Ma belle fille,
Parfois, tu reviens de l’école et tu y as laissé ton sourire. Malgré que tu sois un moulin à paroles qu’on doit parfois freiner parce que tu nous étourdis, tu ne parles que très peu de ce que tu vis. Ce n’est pas parce qu’on n’essaye pas de te tirer les vers du nez, loin de là! Tu préfères simplement nous raconter des faits divers plutôt que ce qui se passe dans tes journées au primaire. Quelques rares fois, tu nous laisses entrevoir que tu trouves les relations avec les autres moins faciles. Que les enfants peuvent être méchants! Déjà, à ton âge, vous passez des commentaires mesquins les uns sur les autres. Les filles, surtout, se font tellement la vie dure! Vous apprenez déjà à vous traiter sans respect et on voit déjà poindre les coups de couteau qui parsèmeront certainement ton cheminement au secondaire parce que tout le monde le sait, ça ne va pas en s’améliorant!
La confiance en soi, ça se travaille et s’améliore mais pour certains, on dirait que c’est un outil qui manque à leur coffre. C’est ton cas. Tu doutes beaucoup de toi. Tu valides toutes tes actions auprès d’un adulte avant de les poser. Difficile pour toi de faire des choix ou de réfléchir à ce qui serait la meilleure option pour toi; tu n’es certaine de rien et tu préfères l’approbation d’un adulte pour t’assurer que ce que tu fais est bien. Ce manque de confiance, ça se sent tout de suite. On le voit dans ton non-verbal et il doit transpirer quand les autres enfants te confrontent à l’école. C’est ce qui fait de toi une cible plus facile pour les autres, sans aucun doute.

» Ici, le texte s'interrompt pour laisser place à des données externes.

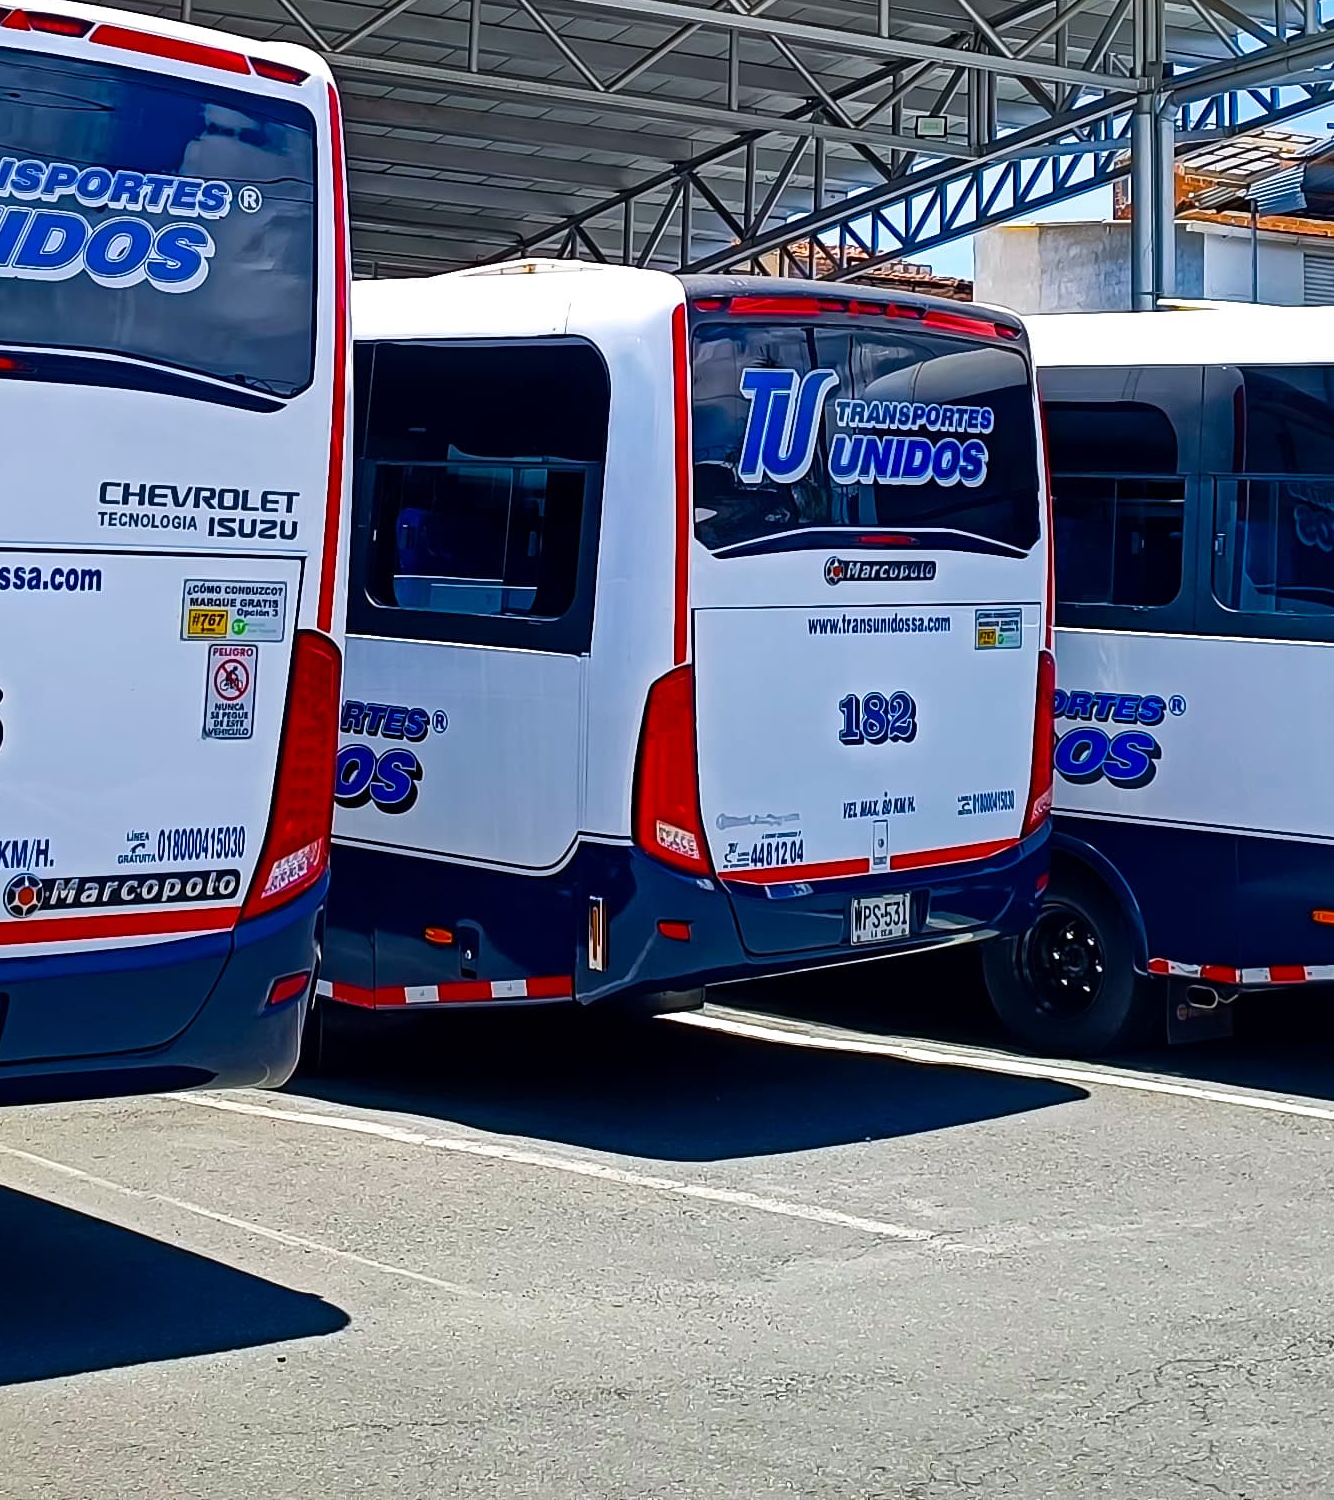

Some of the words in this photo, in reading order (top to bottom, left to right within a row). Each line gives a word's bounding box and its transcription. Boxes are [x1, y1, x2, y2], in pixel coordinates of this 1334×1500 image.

[738, 368, 839, 484] TU
[835, 399, 994, 434] TRANSPORTES
[828, 434, 988, 487] UNIDOS
[99, 481, 301, 514] CHEVROLET
[98, 511, 198, 531] TECNOLOGIA
[208, 516, 298, 540] ISUZU
[225, 585, 283, 596] CONDUZCO?
[190, 597, 236, 608] MARQUE
[240, 598, 279, 609] GRATIS
[272, 609, 279, 617] 3
[192, 613, 225, 627] #767
[808, 612, 951, 635] www.transunidossa.com
[213, 647, 254, 657] PELIGRO
[214, 703, 245, 712] NUNCA
[839, 691, 917, 745] 182
[214, 719, 224, 728] DE
[226, 720, 244, 728] ESTE
[158, 826, 245, 861] 018000415030
[118, 853, 156, 864] GRATUITA
[50, 872, 235, 906] Marcopolo

Ma plus belle aux grands yeux bleus, j’espère que nous saurons, à nous trois, tes parents biologiques et moi, ton + 1, t’équiper pour que tu prennes plus d’assurance. Parce que je sais ce qui te guettera après : le secondaire, la cour des grands, là où les filles sont au summum de la bitchitude. Pourquoi je le sais? Parce que j’ai été l’intimidatrice, moi.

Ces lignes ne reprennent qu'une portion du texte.